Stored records
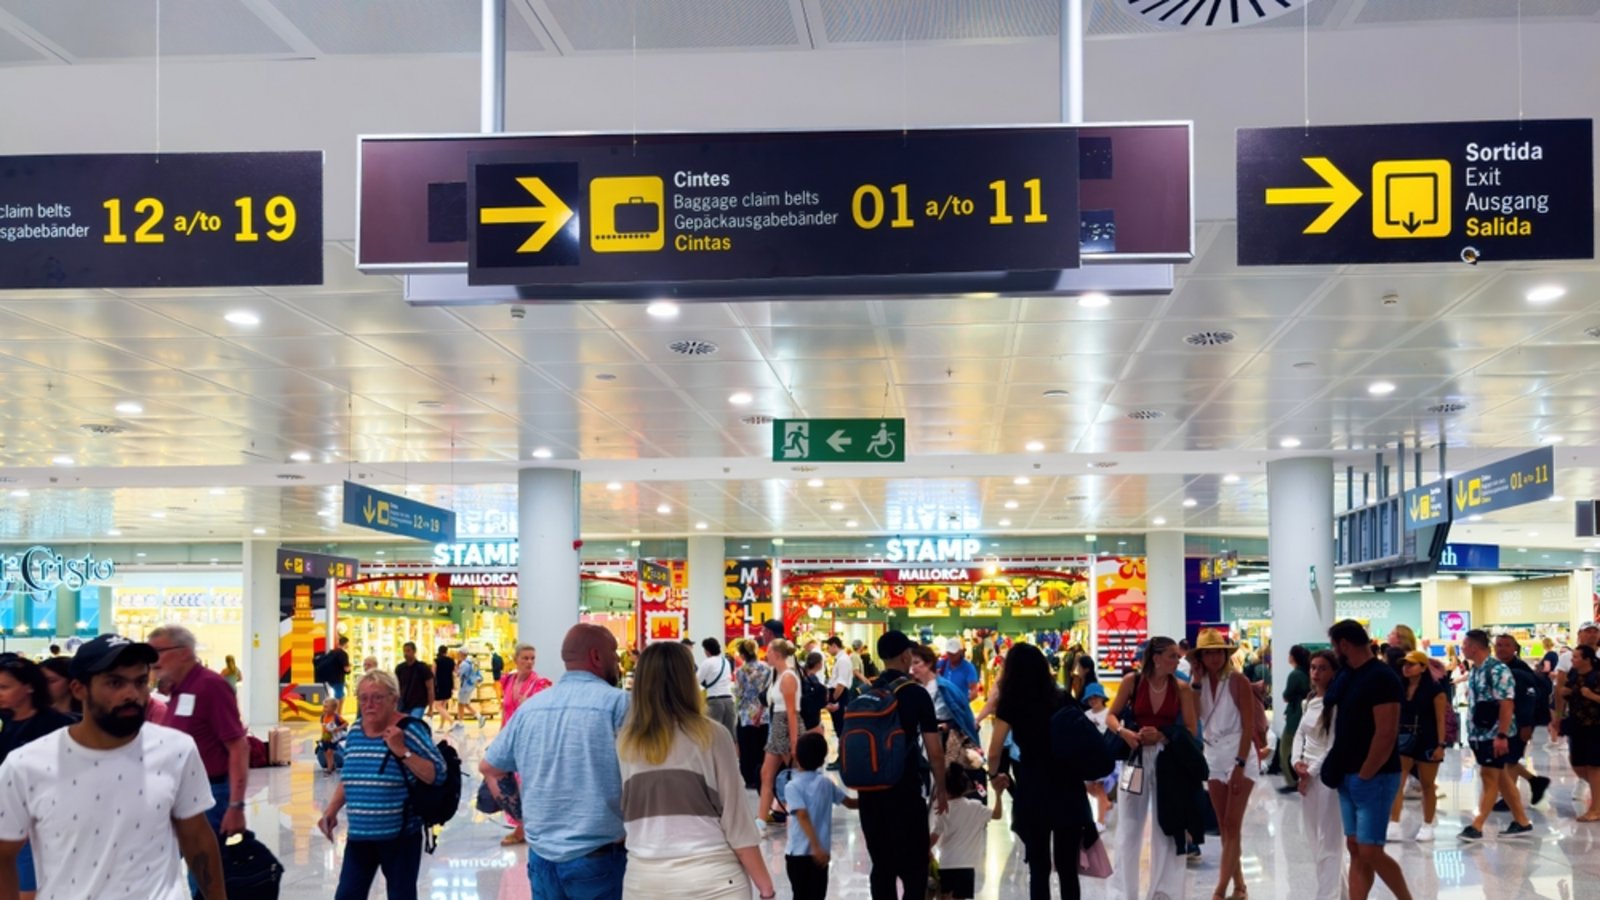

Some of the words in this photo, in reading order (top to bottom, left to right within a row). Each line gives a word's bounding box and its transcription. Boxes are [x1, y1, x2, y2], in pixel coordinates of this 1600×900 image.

[1466, 142, 1543, 161] Sortida
[674, 171, 730, 188] Cintes
[1466, 167, 1501, 187] Exit
[38, 203, 72, 218] belts
[674, 194, 738, 213] Baggage
[742, 192, 780, 208] claim
[784, 190, 820, 207] belts
[852, 184, 914, 228] 01
[926, 195, 974, 220] a/to
[989, 178, 1048, 225] 11
[1465, 192, 1549, 214] Ausgang
[103, 197, 165, 243] 12
[173, 210, 222, 235] a/to
[234, 195, 297, 242] 19
[674, 209, 839, 233] Gepäckausgabebänder
[1466, 217, 1532, 237] Salida
[0, 223, 91, 242] sgabebänder
[674, 234, 732, 252] Cintas
[1510, 472, 1523, 490] 01
[1535, 464, 1549, 484] 11
[413, 514, 424, 529] 12
[430, 518, 440, 533] 19
[886, 538, 981, 561] STAMP
[21, 545, 115, 592] Cristo
[898, 568, 969, 581] MALLORCA
[450, 573, 519, 587] MALLORCA
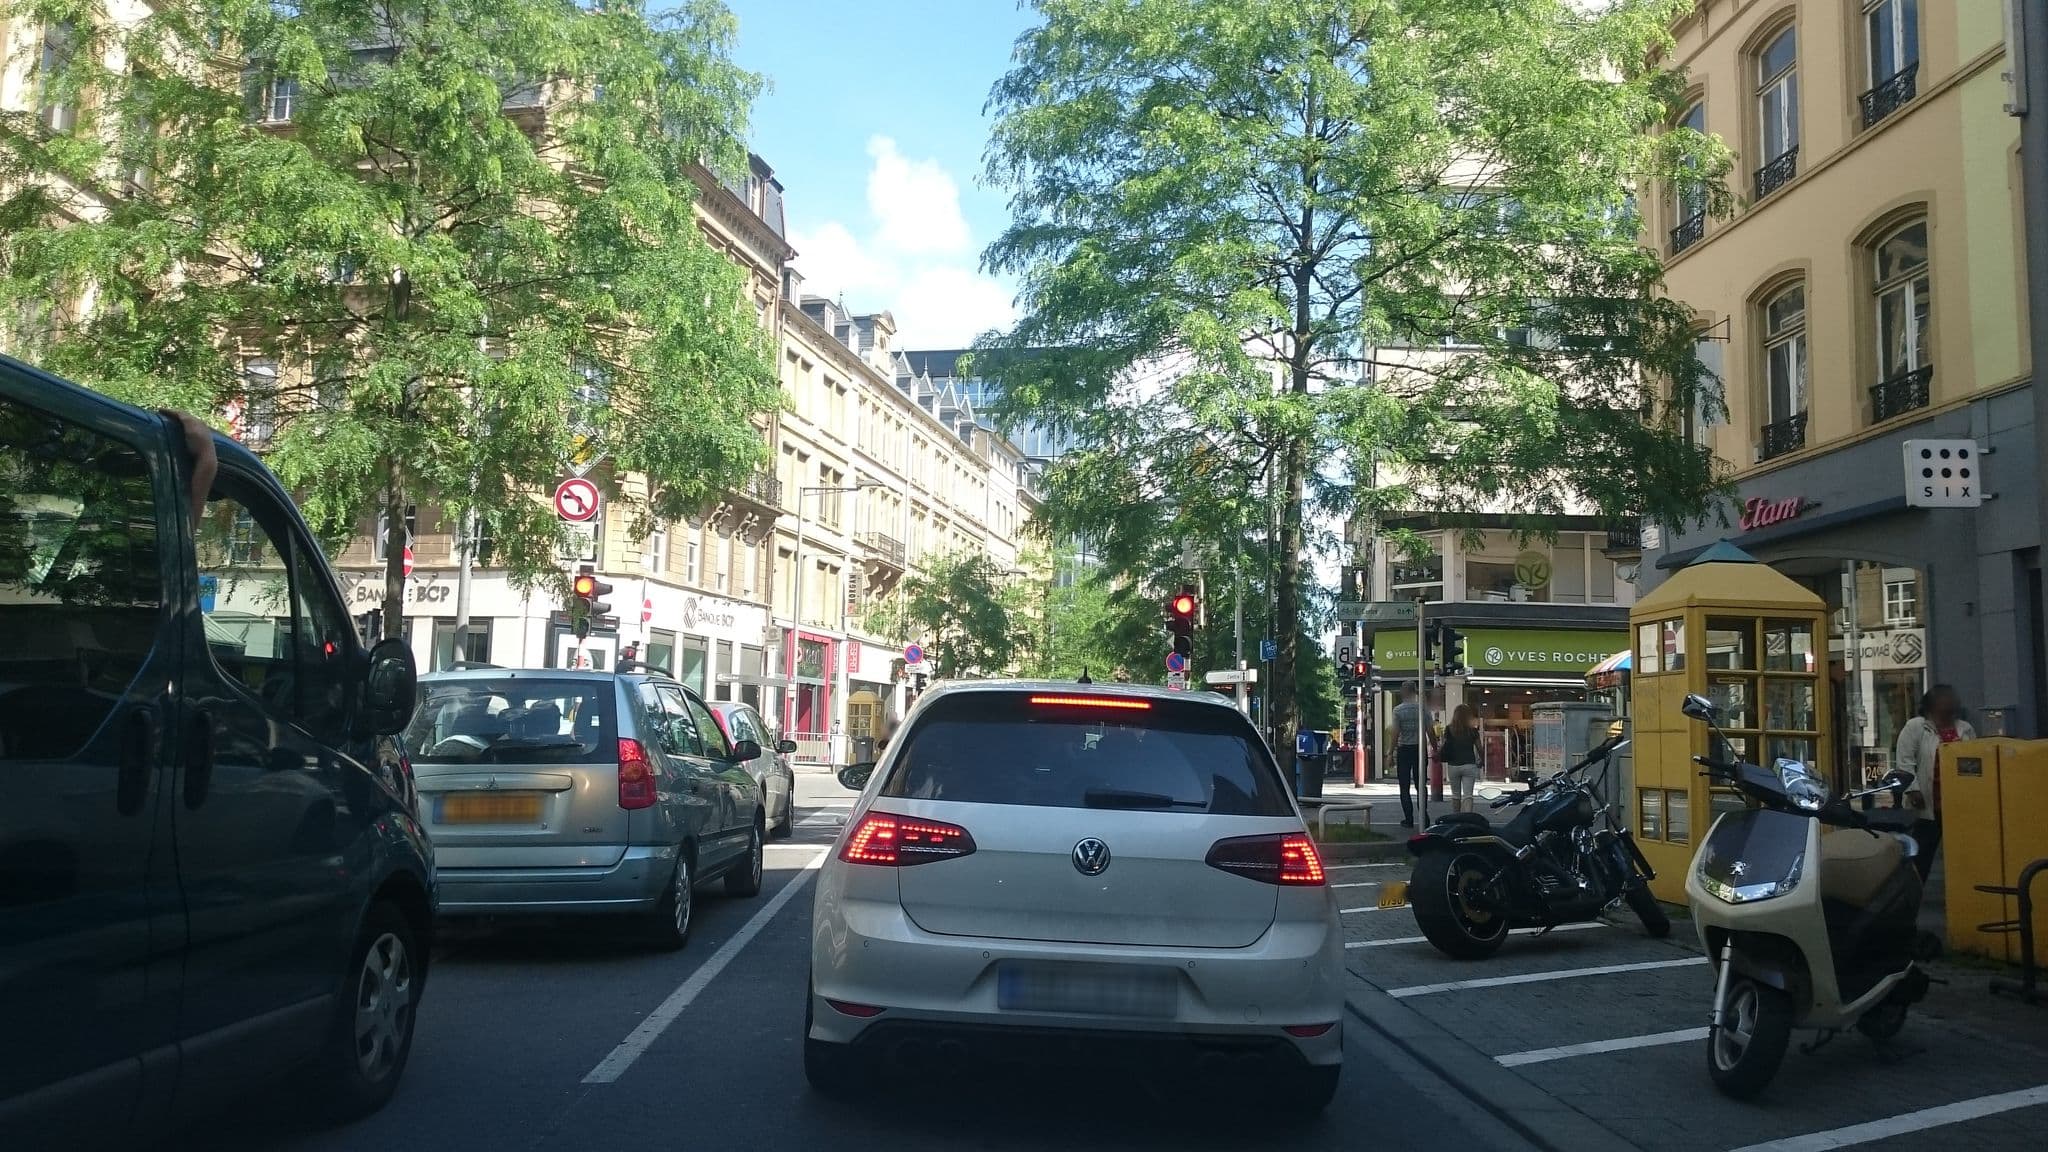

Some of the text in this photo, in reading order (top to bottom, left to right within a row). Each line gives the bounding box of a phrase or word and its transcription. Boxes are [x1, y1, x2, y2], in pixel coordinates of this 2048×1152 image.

[1924, 486, 1971, 498] SIX
[1739, 497, 1800, 530] Etam
[416, 586, 450, 602] BCP
[1507, 651, 1547, 662] YVES
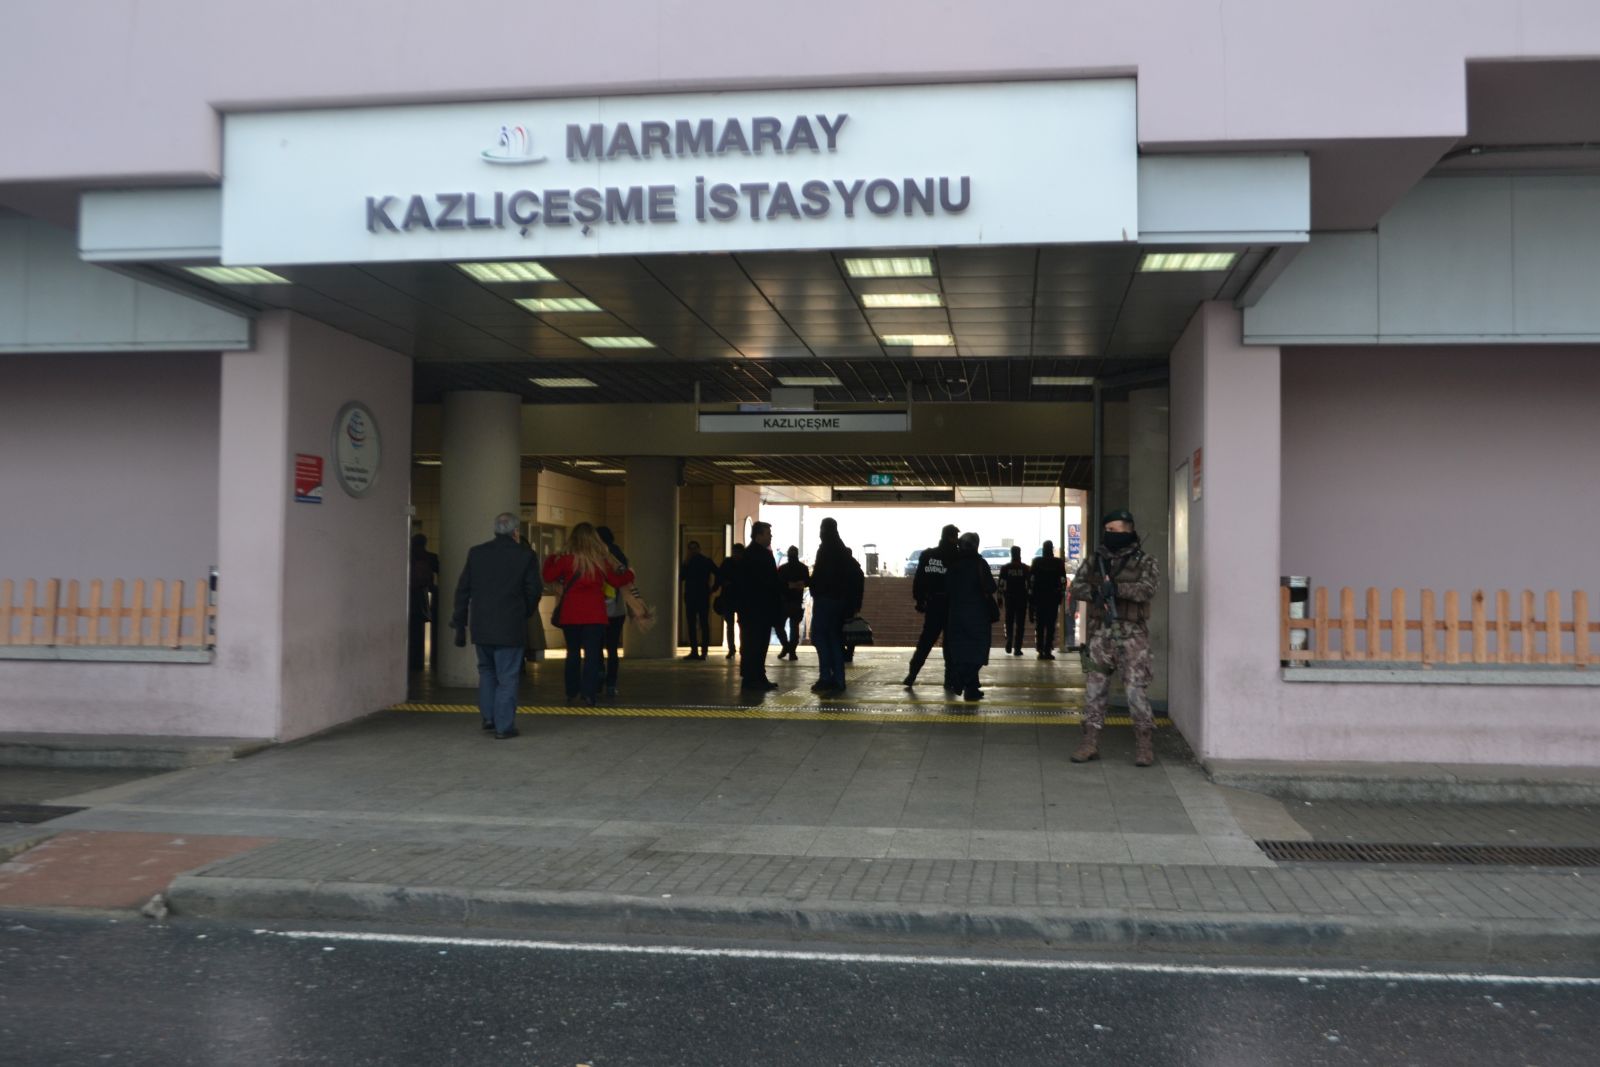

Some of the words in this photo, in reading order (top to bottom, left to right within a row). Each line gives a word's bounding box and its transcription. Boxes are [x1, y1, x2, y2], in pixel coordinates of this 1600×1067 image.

[566, 113, 848, 161] MARMARAY
[365, 184, 676, 237] KAZLIÇEŞME
[695, 175, 971, 223] İSTASYONU
[763, 418, 840, 430] KAZLIÇEŞME
[928, 557, 943, 567] ÖZEL
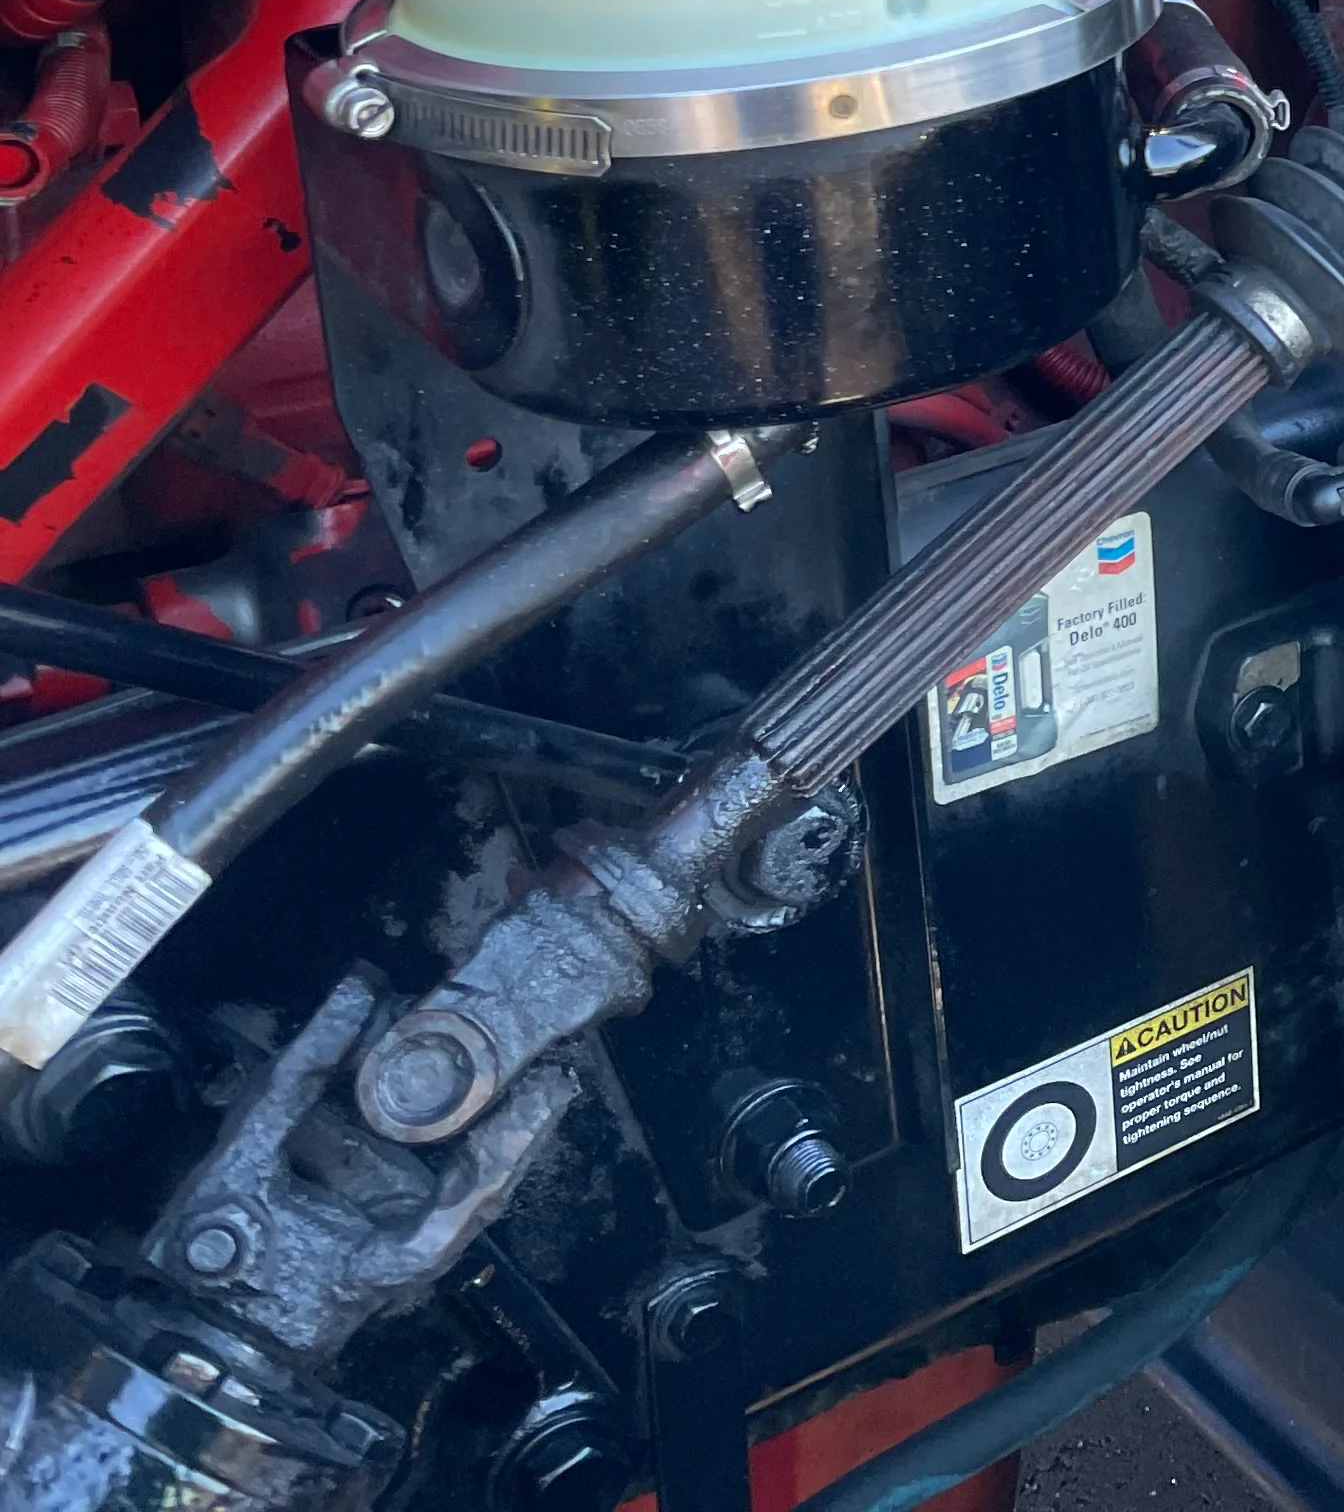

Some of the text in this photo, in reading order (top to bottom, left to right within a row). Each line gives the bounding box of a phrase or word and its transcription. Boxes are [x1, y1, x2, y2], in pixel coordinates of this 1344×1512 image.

# Exercise objective
Give back all of the entries above exactly, with the pictures excluded.

# Worked solution
Some of the words in this photo, in reading order (top to bottom, left to right within a row). Each line gives a word's bounding box and its transcription. Boxes are [x1, y1, x2, y2], in pixel coordinates of this 1600×900 image.

[1466, 142, 1543, 161] Sortida
[674, 171, 730, 188] Cintes
[1466, 167, 1501, 187] Exit
[38, 203, 72, 218] belts
[674, 194, 738, 213] Baggage
[742, 192, 780, 208] claim
[784, 190, 820, 207] belts
[852, 184, 914, 228] 01
[926, 195, 974, 220] a/to
[989, 178, 1048, 225] 11
[1465, 192, 1549, 214] Ausgang
[103, 197, 165, 243] 12
[173, 210, 222, 235] a/to
[234, 195, 297, 242] 19
[674, 209, 839, 233] Gepäckausgabebänder
[1466, 217, 1532, 237] Salida
[0, 223, 91, 242] sgabebänder
[674, 234, 732, 252] Cintas
[1510, 472, 1523, 490] 01
[1535, 464, 1549, 484] 11
[413, 514, 424, 529] 12
[430, 518, 440, 533] 19
[886, 538, 981, 561] STAMP
[21, 545, 115, 592] Cristo
[898, 568, 969, 581] MALLORCA
[450, 573, 519, 587] MALLORCA

Some of the text in this photo, in reading order (top to bottom, left to right within a row). Each line gives the bounding box of a phrase or word and its transcription. Boxes are [x1, y1, x2, y2], in pixel coordinates of this 2048×1152 image.

[1924, 486, 1971, 498] SIX
[1739, 497, 1800, 530] Etam
[416, 586, 450, 602] BCP
[1507, 651, 1547, 662] YVES

Some of the words in this photo, in reading order (top to bottom, left to right within a row). Each line gives a word's bounding box and its transcription. Boxes are [x1, y1, x2, y2], in pixel coordinates of this 1600×1067 image.

[566, 113, 848, 161] MARMARAY
[365, 184, 676, 237] KAZLIÇEŞME
[695, 175, 971, 223] İSTASYONU
[763, 418, 840, 430] KAZLIÇEŞME
[928, 557, 943, 567] ÖZEL

Some of the text in this photo, in reading order (top to bottom, left to right within a row). Each line gives the bounding box of a phrase or word and its transcription. Boxes are [x1, y1, x2, y2], in pixel coordinates of this 1344×1512 image.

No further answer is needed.